Trials organised by a special government unit suggest so-called "nudge theory" could play a "key role" in reducing fraud, error and debt.
Using simpler language in letters, highlighting key messages and stressing "social norms" have boosted compliance.
In one case, a local authority saved £240,000 on false council tax claims.
Nudge theory is seen as a way of producing positive economic and social outcomes without resorting to bans or increased regulation.
The Cabinet Office established a "behaviour insights team" after the 2010 general election and the unit has published details of some of the work it has been doing in the past eighteen months.
It says eight trials carried out in partnership with government departments and agencies have shown that "relatively minor changes to processes, forms and language can have a significant positive impact on behaviour".
In one six-week exercise, 140,000 people were sent a variety of letters by Revenue and Customs.
One was a standard communication stressing the need to pay outstanding taxes while others contained statements such as "nine out of 10 people in Britain pay their tax on time" or stressed other people living in the same area had already complied.
Letters emphasising such "social norms" produced a 15% higher response rate than the standard letter. Revenue and Customs believe this could help it to collect £160m extra tax revenues a year if borne out across the country.
A new approach to collecting council tax could bring "significant savings" to town halls, the Cabinet Office report suggests.
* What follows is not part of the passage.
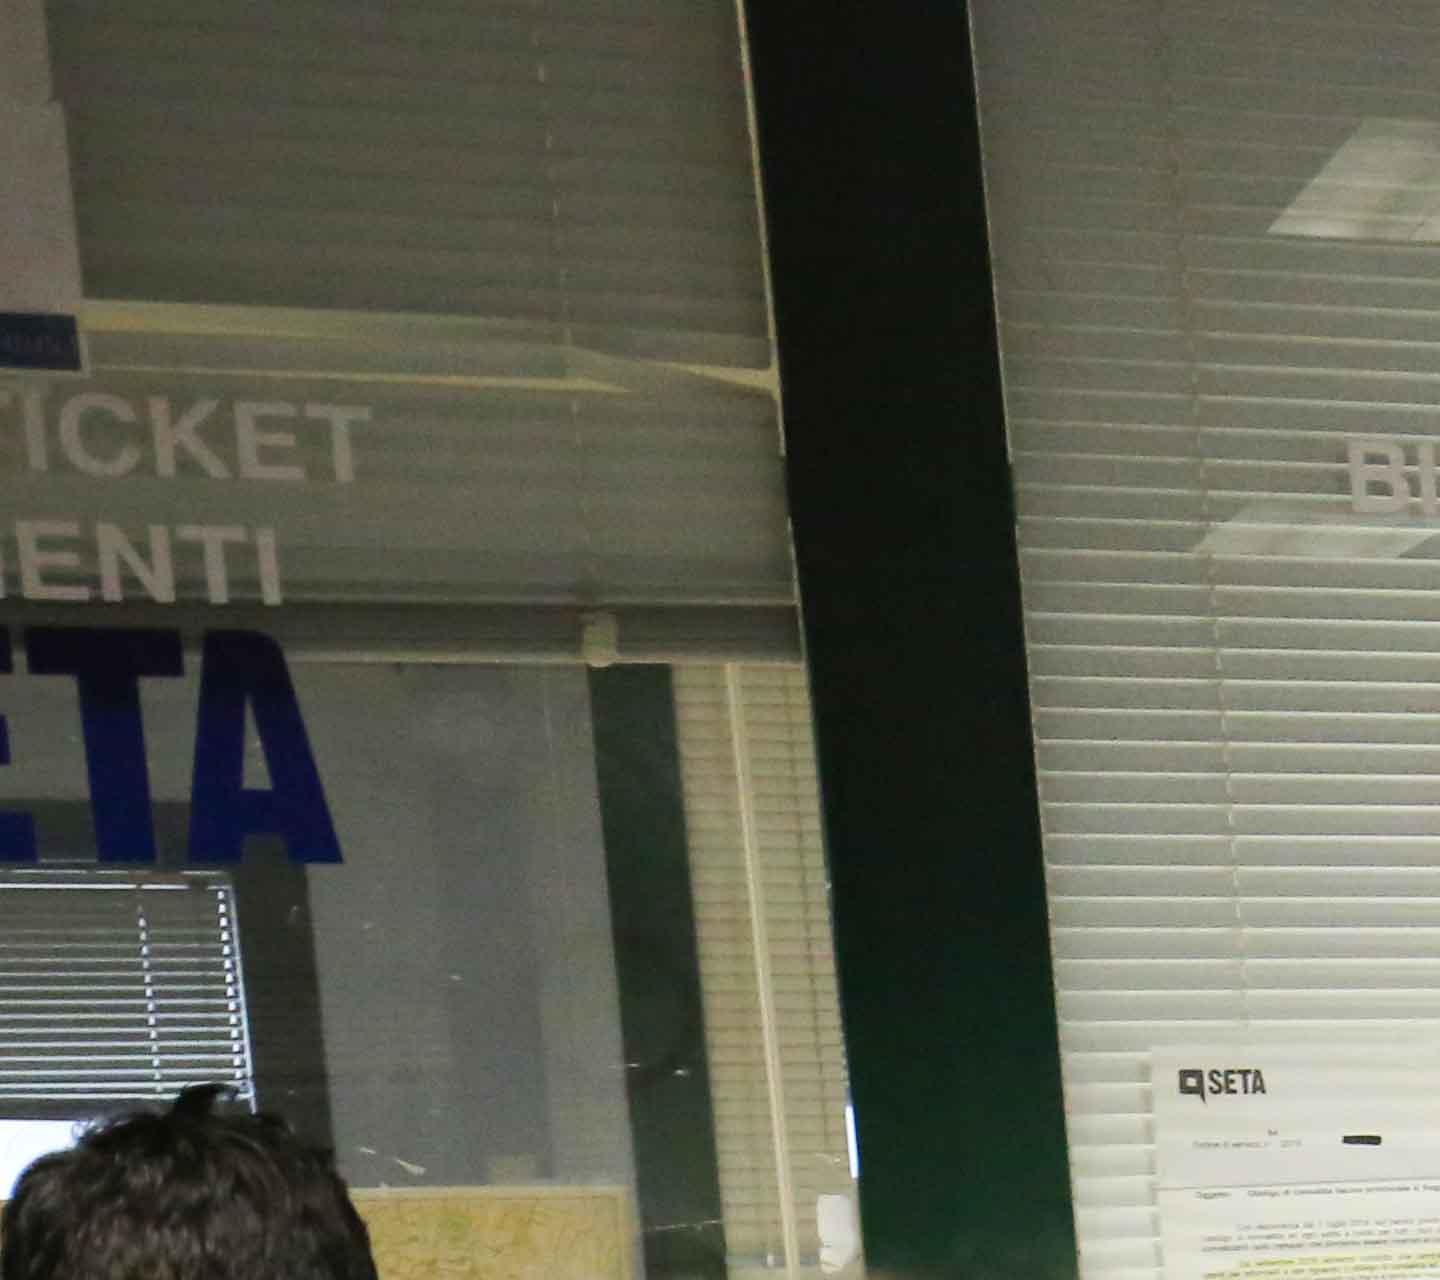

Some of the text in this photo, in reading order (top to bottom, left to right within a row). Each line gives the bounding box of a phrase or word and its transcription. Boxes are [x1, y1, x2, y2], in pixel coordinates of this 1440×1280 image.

[0, 393, 372, 484] ICKET
[0, 520, 284, 606] ENTI
[1208, 1068, 1267, 1096] SETA
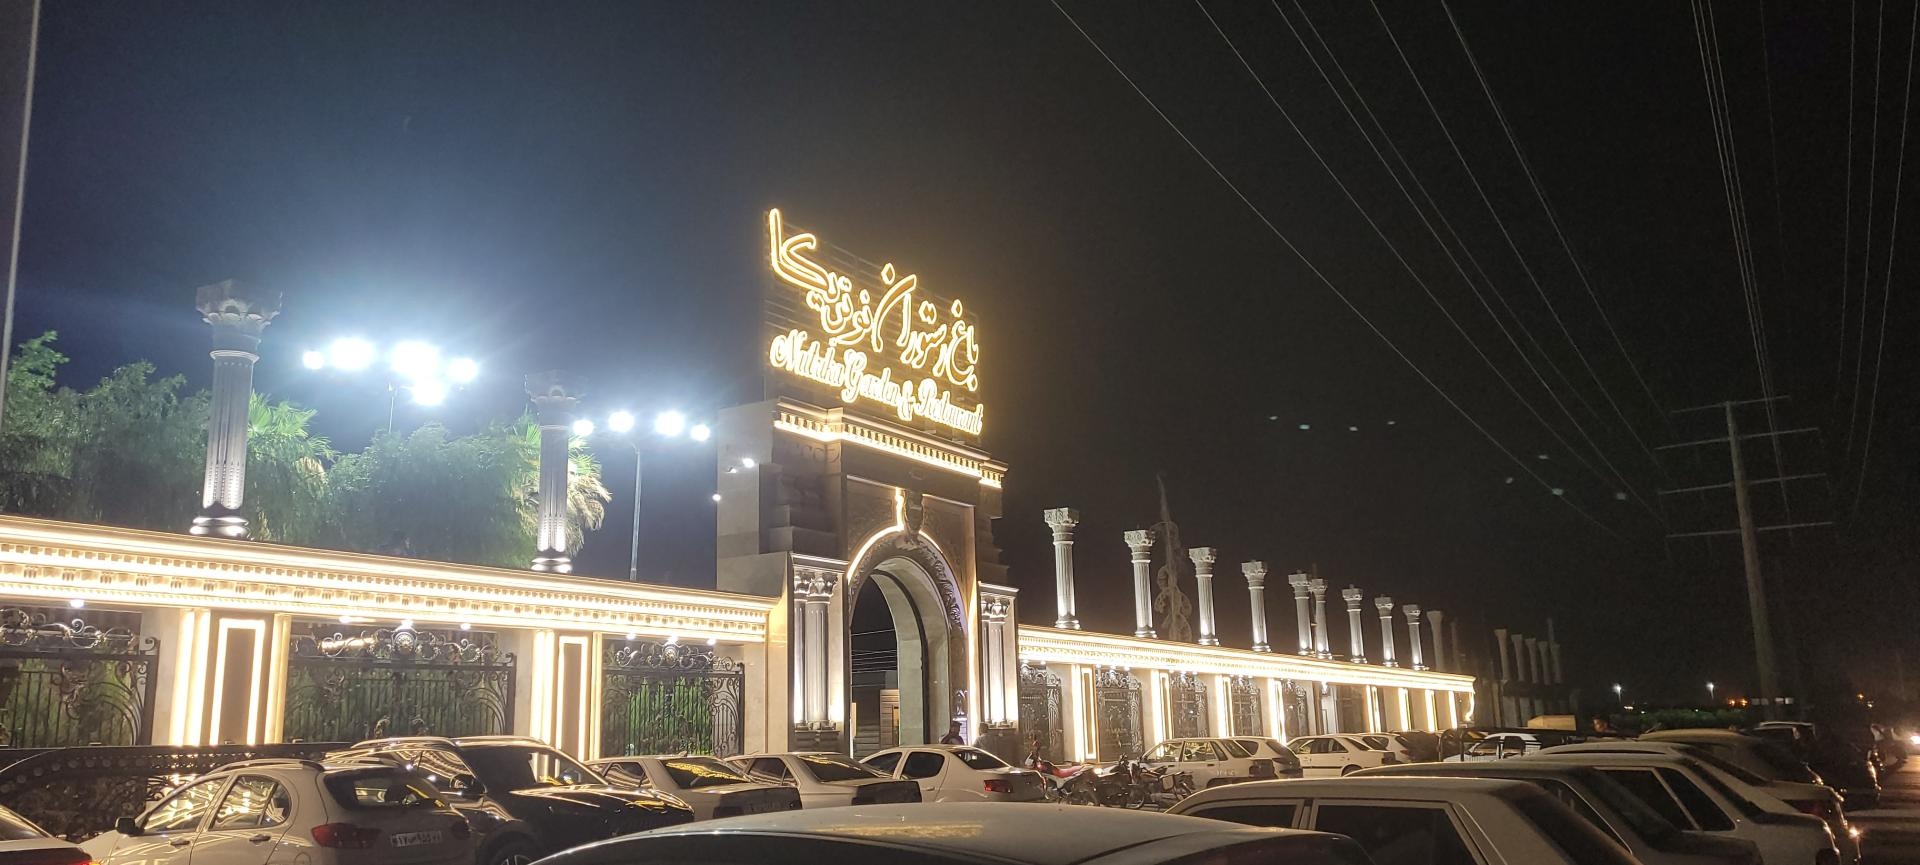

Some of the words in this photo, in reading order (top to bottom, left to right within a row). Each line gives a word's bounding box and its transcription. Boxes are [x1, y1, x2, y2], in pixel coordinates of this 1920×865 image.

In a trial conducted in November, Manchester City Council saved £240,000 by using a different tone in letters to people claiming a single person discount on their council tax bills.
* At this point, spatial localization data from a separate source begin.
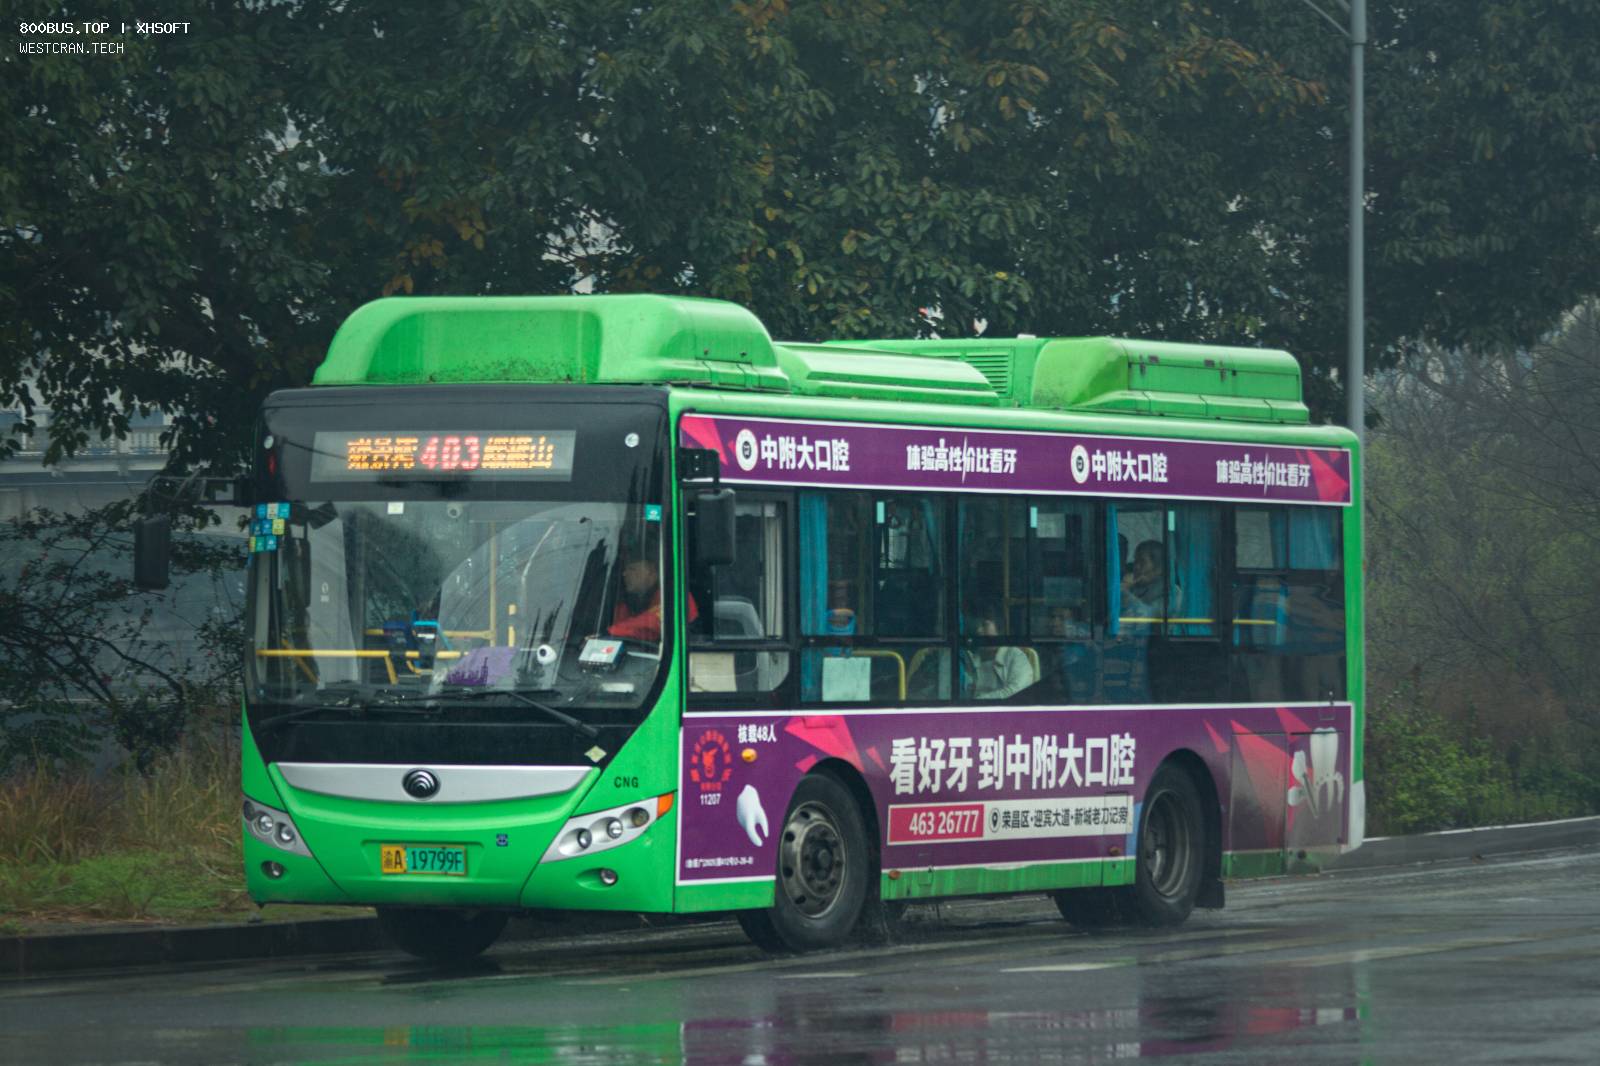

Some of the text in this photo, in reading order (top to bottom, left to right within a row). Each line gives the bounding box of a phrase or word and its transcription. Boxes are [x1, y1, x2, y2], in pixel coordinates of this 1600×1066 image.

[421, 436, 479, 470] 403
[760, 434, 850, 472] 中附大口腔
[906, 436, 1017, 483] 体验高性价比看牙
[1091, 449, 1168, 483] 中附大口腔
[889, 732, 1136, 795] 看好牙 到中附大口腔
[614, 776, 639, 788] CNG
[909, 810, 979, 836] 463 26777
While it previously just required people to fill out a form saying their circumstances had not changed, it is now asking them to state directly that they are still eligible.
This method - which also downplayed references to the size of the discount and warned that knowingly providing false information was an act of fraud - resulted in a 6% fall in people claiming the rebate.
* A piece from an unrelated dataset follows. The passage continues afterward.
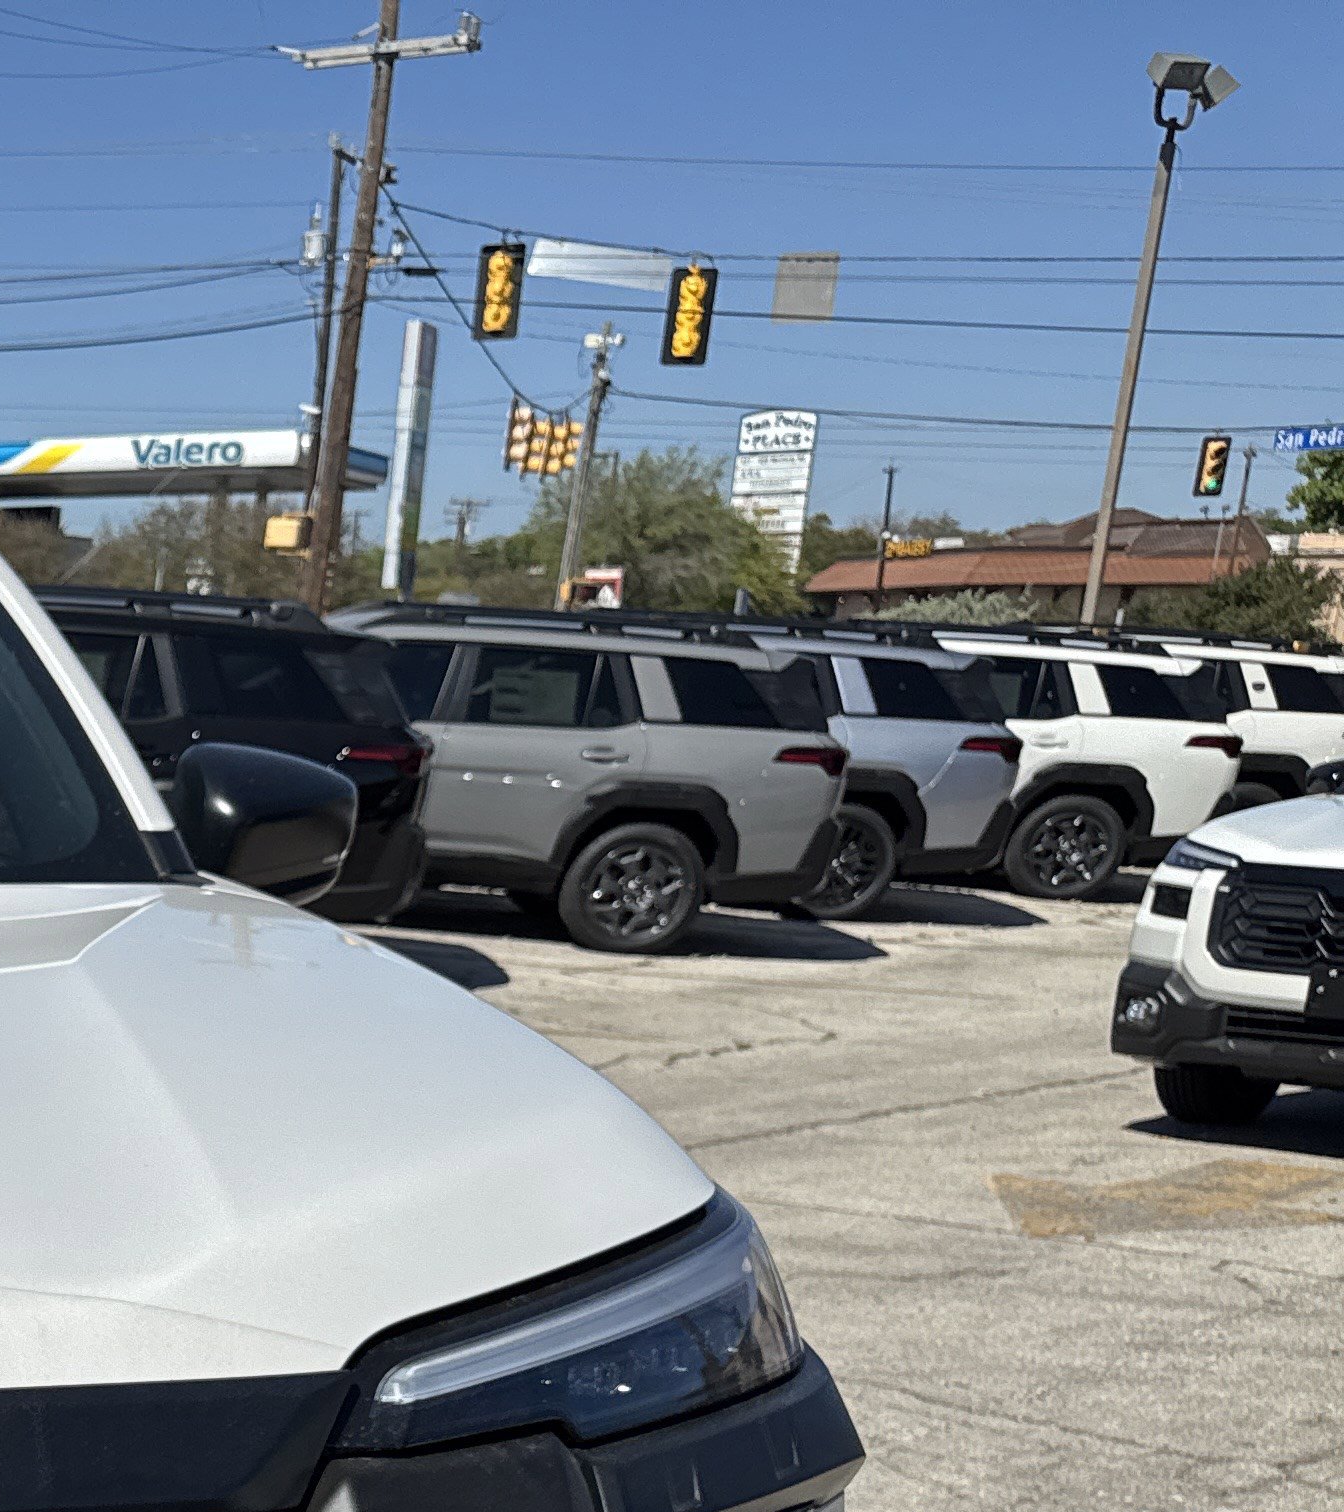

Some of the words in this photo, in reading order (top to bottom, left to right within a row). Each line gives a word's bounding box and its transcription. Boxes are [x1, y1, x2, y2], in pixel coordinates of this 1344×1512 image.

[752, 432, 802, 449] PLACE
[1276, 430, 1304, 449] San
[1309, 427, 1344, 447] Pedr
[131, 438, 244, 465] Valero
The change of approach was based on the theory that people are less likely to lie if they are forced to "actively provide" false information rather than simply not updating their details.
In another trial, doctors and dentists with outstanding tax liabilities were told that their failure to pay in the past was regarded as an oversight but if they did not respond in future it would be seen as a conscious decision.
The letter - which also warned that third-party information could be used to prove they were defrauding the exchequer - resulted in a 14% higher response rate and prompted £1 million in voluntary disclosures.
Officials said other initiatives, such as sending personalised text messages urging people to pay fines and including images of untaxed vehicles in demands for payment of duties - had proved initially successful.
Other ideas worth considering in future, they added, included highlighting key information in bold or "strong" colours, using lotteries or prize draws as an incentive for prompt payment of taxes and sending "thank you" letters to people.
The Cabinet Office said the trials showed the importance of "understanding better how people respond to different contexts and incentives" in framing communications.
"We are confident that results like these could be achieved across a range of areas by applying the insights set out. Indeed, if trialled on a national scale, we expect that these interventions will save hundreds of millions of pounds."
However, it stressed that not all approaches had worked - asking people to sign a letter at the start rather than the end did not increase responses - and methods used had to be properly tested and adapted.
Critics of nudge theory argue that it can only achieve limited goals.
The House of Lords science and technology committee said last year that plans to get people to adopt healthier lifestyles would not work unless the government is more prepared to use legislation.
And a senior official at the Department of Health said behavioural insights were not a "silver bullet" and it could take up to 40 years to tell whether they had had any impact on issues such as child obesity.